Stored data
*****

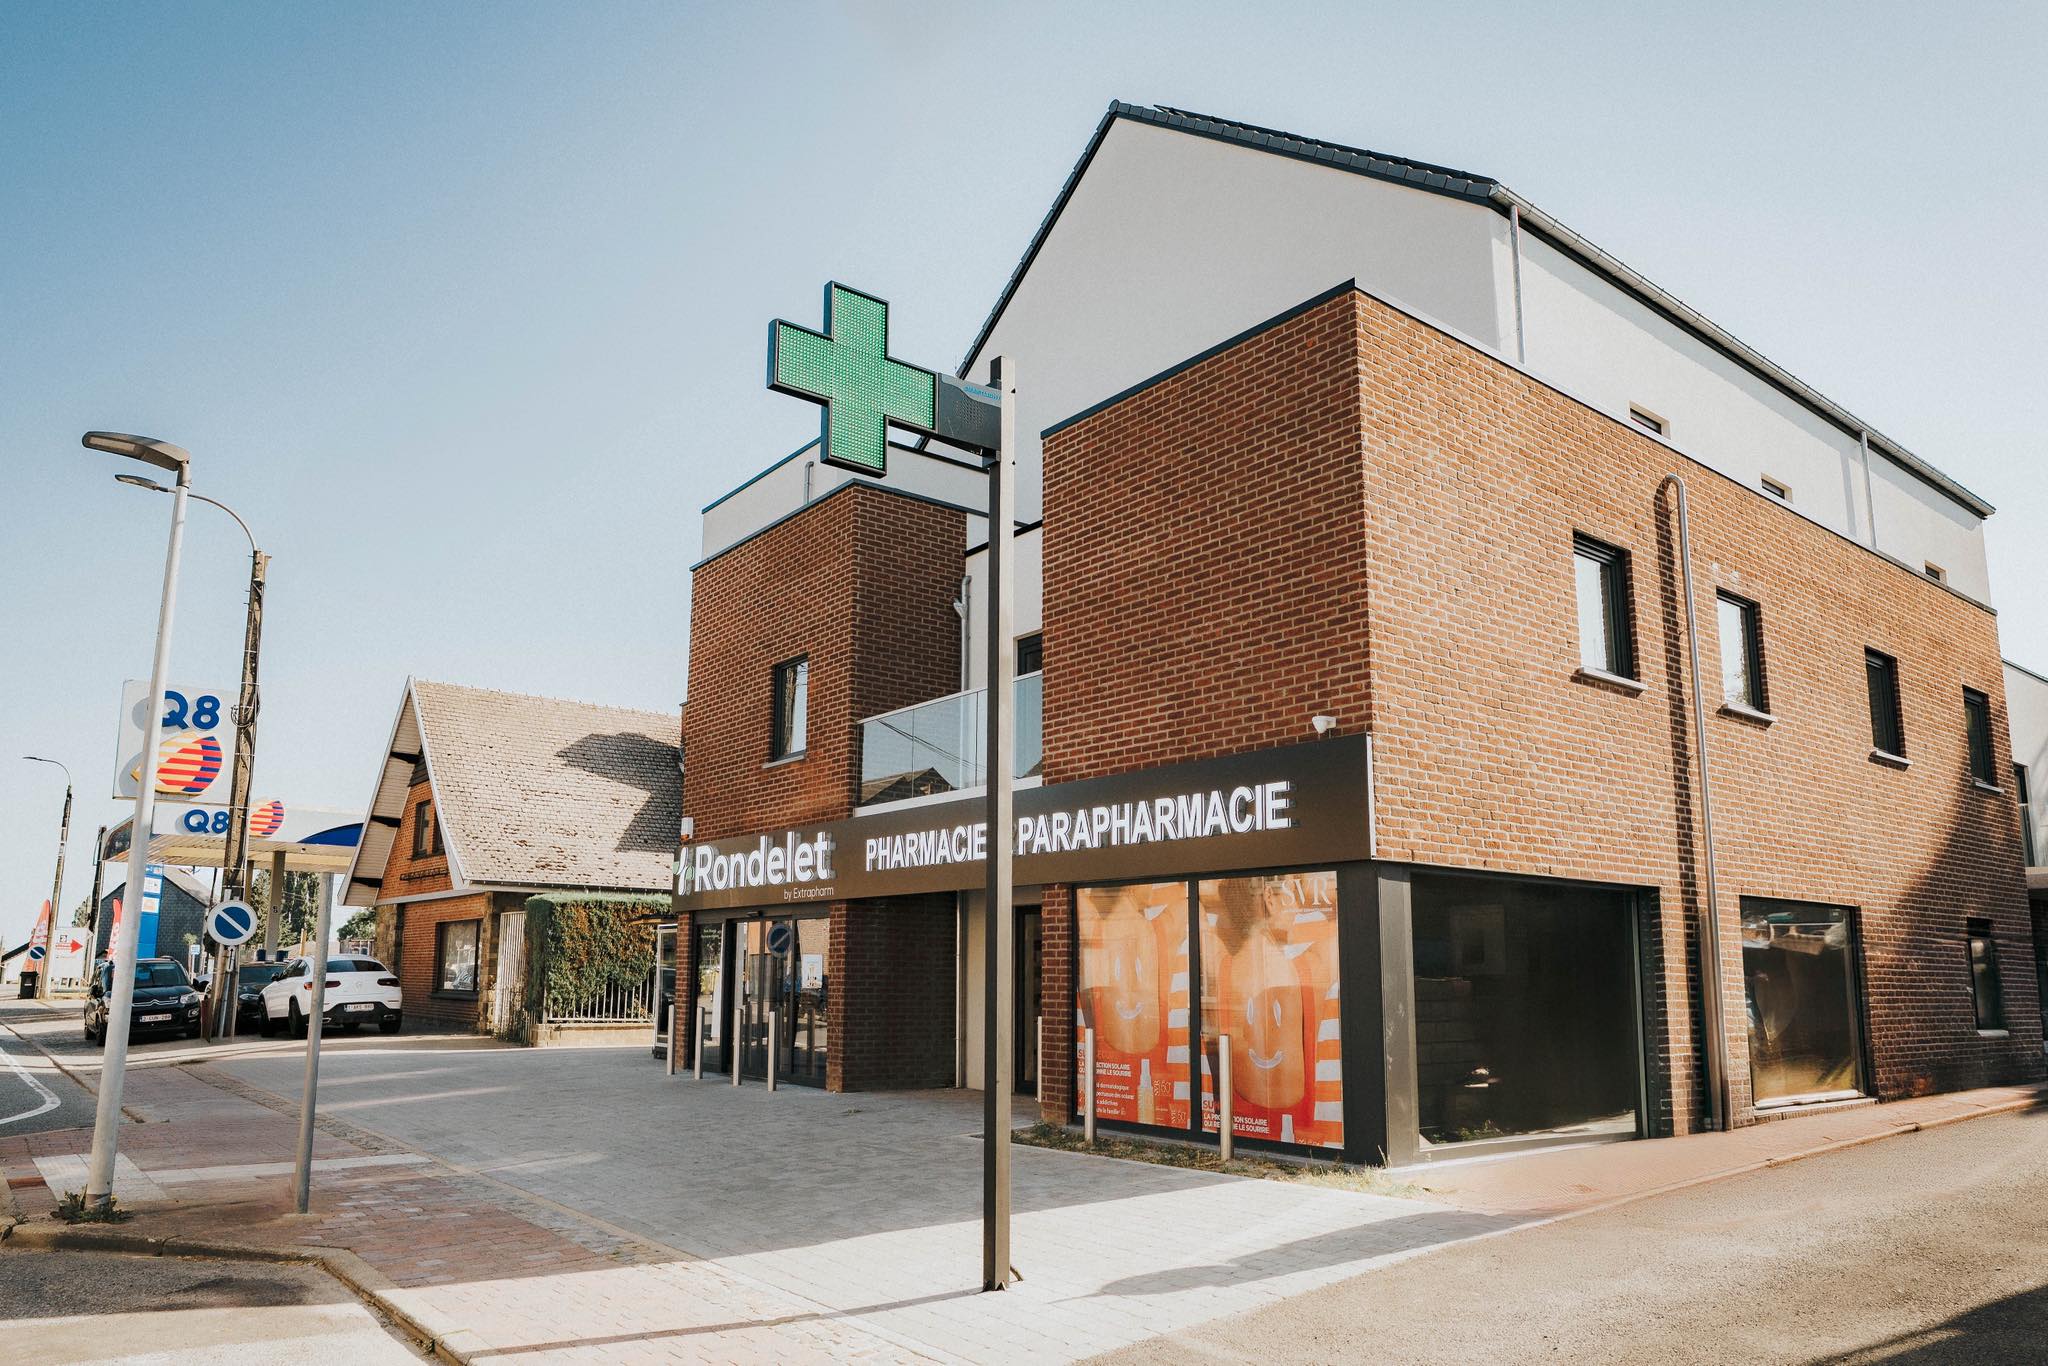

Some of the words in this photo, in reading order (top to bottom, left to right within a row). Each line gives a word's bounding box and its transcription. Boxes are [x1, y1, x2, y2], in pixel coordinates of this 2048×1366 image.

[162, 690, 221, 730] Q8
[184, 809, 230, 834] Q8
[866, 822, 987, 871] PHARMACIE
[1018, 781, 1291, 856] PARAPHARMACIE
[694, 831, 831, 892] Rondelet
[784, 888, 792, 901] by
[793, 886, 834, 900] Extrapharm
[1281, 878, 1333, 906] SVR
[1204, 1112, 1211, 1120] LA
[1245, 1117, 1268, 1126] SOLAIRE
[1246, 1124, 1269, 1134] SOURIRE
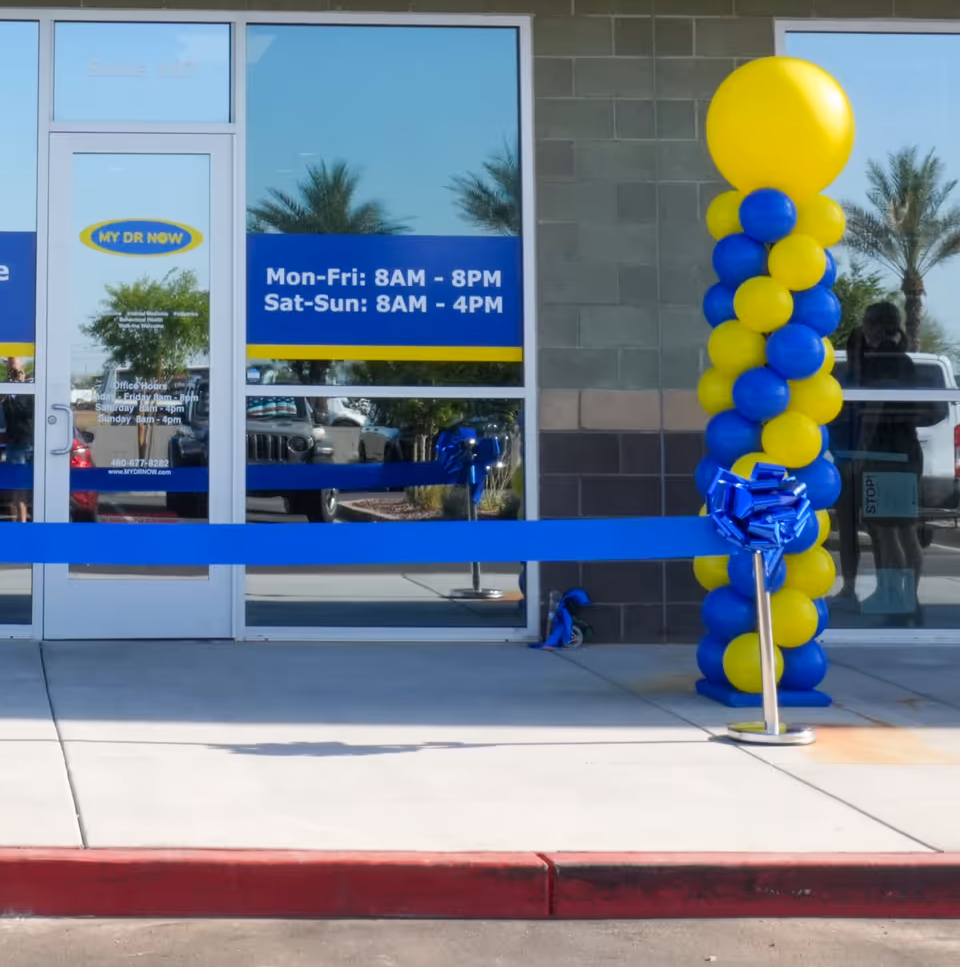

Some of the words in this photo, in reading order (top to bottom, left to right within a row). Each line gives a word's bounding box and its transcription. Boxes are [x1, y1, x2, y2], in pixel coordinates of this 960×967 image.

[99, 231, 120, 243] MY
[123, 231, 144, 243] DR
[147, 232, 183, 244] NOW
[265, 268, 367, 286] Mon-Fri:
[374, 269, 426, 287] 8AM
[451, 270, 502, 288] 8PM
[264, 293, 368, 312] Sat-Sun:
[376, 295, 428, 313] 8AM
[453, 295, 504, 314] 4PM
[113, 379, 139, 390] Office
[141, 380, 168, 391] Hours
[124, 392, 152, 404] Friday
[153, 393, 172, 402] 8am
[180, 394, 199, 405] 8pm
[95, 403, 134, 414] Saturday
[139, 404, 158, 412] 8am
[165, 405, 185, 415] 4pm
[97, 414, 131, 426] Sunday
[136, 415, 155, 424] 8am
[162, 415, 182, 426] 4pm

*****

Your objective: Leaving all pictures aside, quote each record exactly.

Answer for this exercise:
Some of the words in this photo, in reading order (top to bottom, left to right within a row). Each line gives a word's bounding box and its transcription. Boxes are [x1, y1, x2, y2], in pixel coordinates of this 2048×1366 image.

[162, 690, 221, 730] Q8
[184, 809, 230, 834] Q8
[866, 822, 987, 871] PHARMACIE
[1018, 781, 1291, 856] PARAPHARMACIE
[694, 831, 831, 892] Rondelet
[784, 888, 792, 901] by
[793, 886, 834, 900] Extrapharm
[1281, 878, 1333, 906] SVR
[1204, 1112, 1211, 1120] LA
[1245, 1117, 1268, 1126] SOLAIRE
[1246, 1124, 1269, 1134] SOURIRE

Some of the words in this photo, in reading order (top to bottom, left to right within a row). Each line gives a word's bounding box and its transcription. Boxes are [x1, y1, x2, y2], in pixel coordinates of this 960×967 image.

[99, 231, 120, 243] MY
[123, 231, 144, 243] DR
[147, 232, 183, 244] NOW
[265, 268, 367, 286] Mon-Fri:
[374, 269, 426, 287] 8AM
[451, 270, 502, 288] 8PM
[264, 293, 368, 312] Sat-Sun:
[376, 295, 428, 313] 8AM
[453, 295, 504, 314] 4PM
[113, 379, 139, 390] Office
[141, 380, 168, 391] Hours
[124, 392, 152, 404] Friday
[153, 393, 172, 402] 8am
[180, 394, 199, 405] 8pm
[95, 403, 134, 414] Saturday
[139, 404, 158, 412] 8am
[165, 405, 185, 415] 4pm
[97, 414, 131, 426] Sunday
[136, 415, 155, 424] 8am
[162, 415, 182, 426] 4pm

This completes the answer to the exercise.